The records below need to be repeated exactly, though not their pictures.

[Dataset entries]
—————

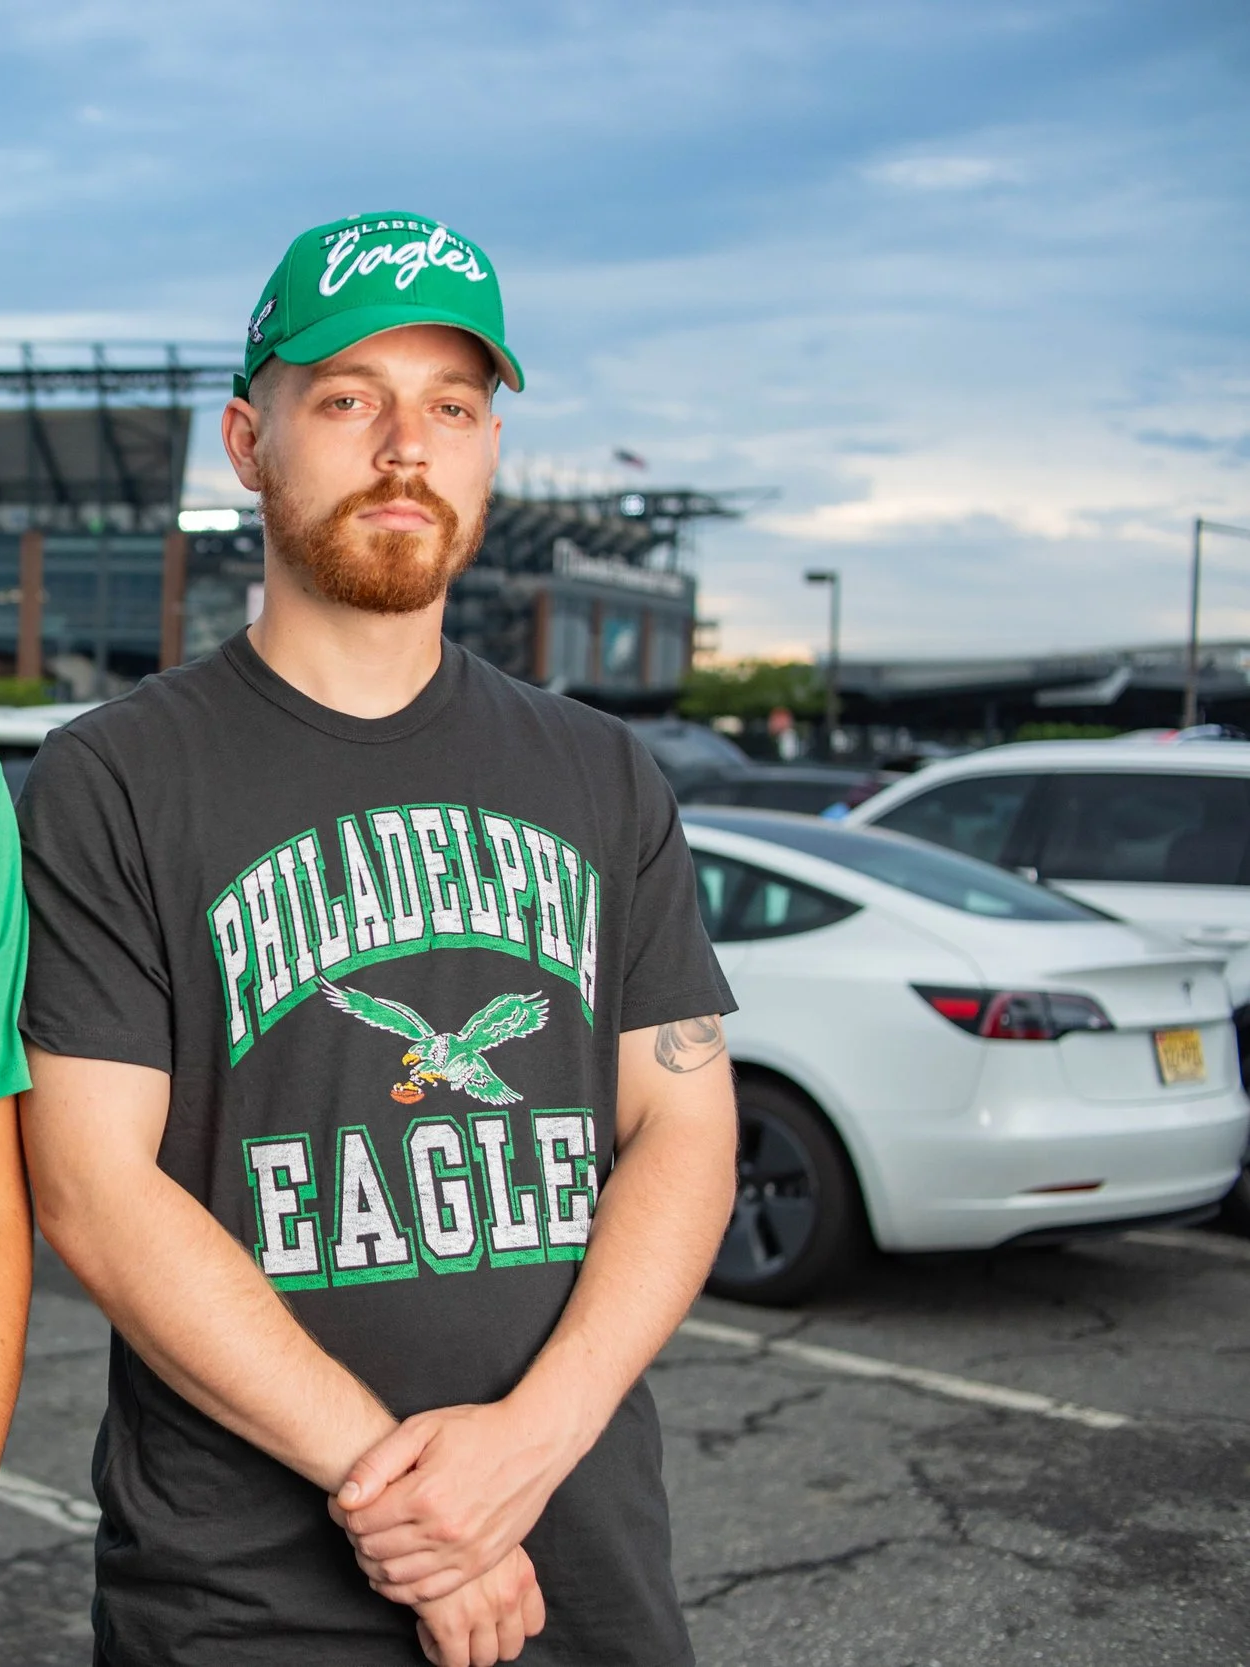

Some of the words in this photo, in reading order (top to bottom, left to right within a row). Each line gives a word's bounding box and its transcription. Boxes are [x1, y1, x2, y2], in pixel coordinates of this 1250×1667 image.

[318, 226, 488, 297] Eagles
[324, 220, 475, 255] PHILADELHIA
[207, 802, 600, 1070] PHILADELPHIA
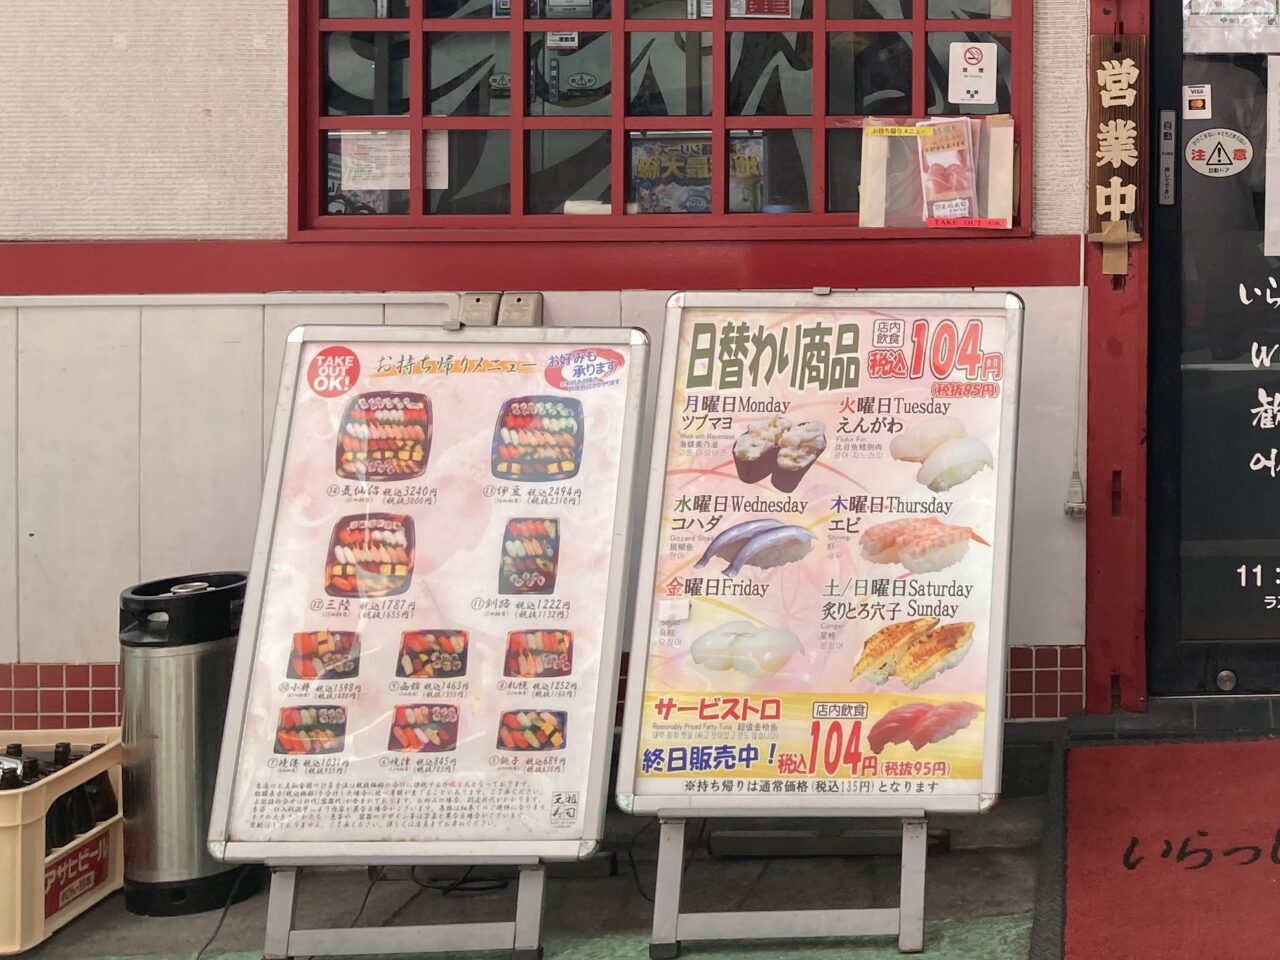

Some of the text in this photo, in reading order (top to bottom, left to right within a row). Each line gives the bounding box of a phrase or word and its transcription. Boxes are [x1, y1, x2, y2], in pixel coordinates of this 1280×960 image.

[1095, 57, 1140, 222] 営業中
[935, 219, 957, 227] TAKE
[964, 219, 982, 227] OUT
[316, 355, 355, 367] TAKE
[377, 353, 538, 376] お持ち帰りメニュー
[548, 350, 597, 368] お好みも
[686, 320, 861, 391] 日替わり商品
[318, 366, 349, 377] OUT
[572, 361, 617, 378] 承ります
[313, 376, 350, 391] OK!
[681, 414, 733, 432] ツブマヨ
[836, 416, 904, 435] えんがわ
[671, 515, 722, 533] コハダ
[828, 517, 860, 534] エビ
[821, 600, 960, 622] 炙りとろ穴子 Sunday
[654, 697, 782, 722] サービストロ
[815, 703, 867, 718] 店内飲食
[880, 760, 951, 778] (税抜95円)
[45, 838, 108, 896] アサヒビール

—————

Solution below
Some of the words in this photo, in reading order (top to bottom, left to right within a row). Each line gives a word's bounding box and its transcription. Boxes are [x1, y1, x2, y2], in pixel coordinates of this 1250×1667 image.

[318, 226, 488, 297] Eagles
[324, 220, 475, 255] PHILADELHIA
[207, 802, 600, 1070] PHILADELPHIA

Some of the text in this photo, in reading order (top to bottom, left to right within a row). Each line gives the bounding box of a phrase or word and its transcription. Boxes are [x1, y1, x2, y2], in pixel coordinates of this 1280×960 image.

[1095, 57, 1140, 222] 営業中
[935, 219, 957, 227] TAKE
[964, 219, 982, 227] OUT
[316, 355, 355, 367] TAKE
[377, 353, 538, 376] お持ち帰りメニュー
[548, 350, 597, 368] お好みも
[686, 320, 861, 391] 日替わり商品
[318, 366, 349, 377] OUT
[572, 361, 617, 378] 承ります
[313, 376, 350, 391] OK!
[681, 414, 733, 432] ツブマヨ
[836, 416, 904, 435] えんがわ
[671, 515, 722, 533] コハダ
[828, 517, 860, 534] エビ
[821, 600, 960, 622] 炙りとろ穴子 Sunday
[654, 697, 782, 722] サービストロ
[815, 703, 867, 718] 店内飲食
[880, 760, 951, 778] (税抜95円)
[45, 838, 108, 896] アサヒビール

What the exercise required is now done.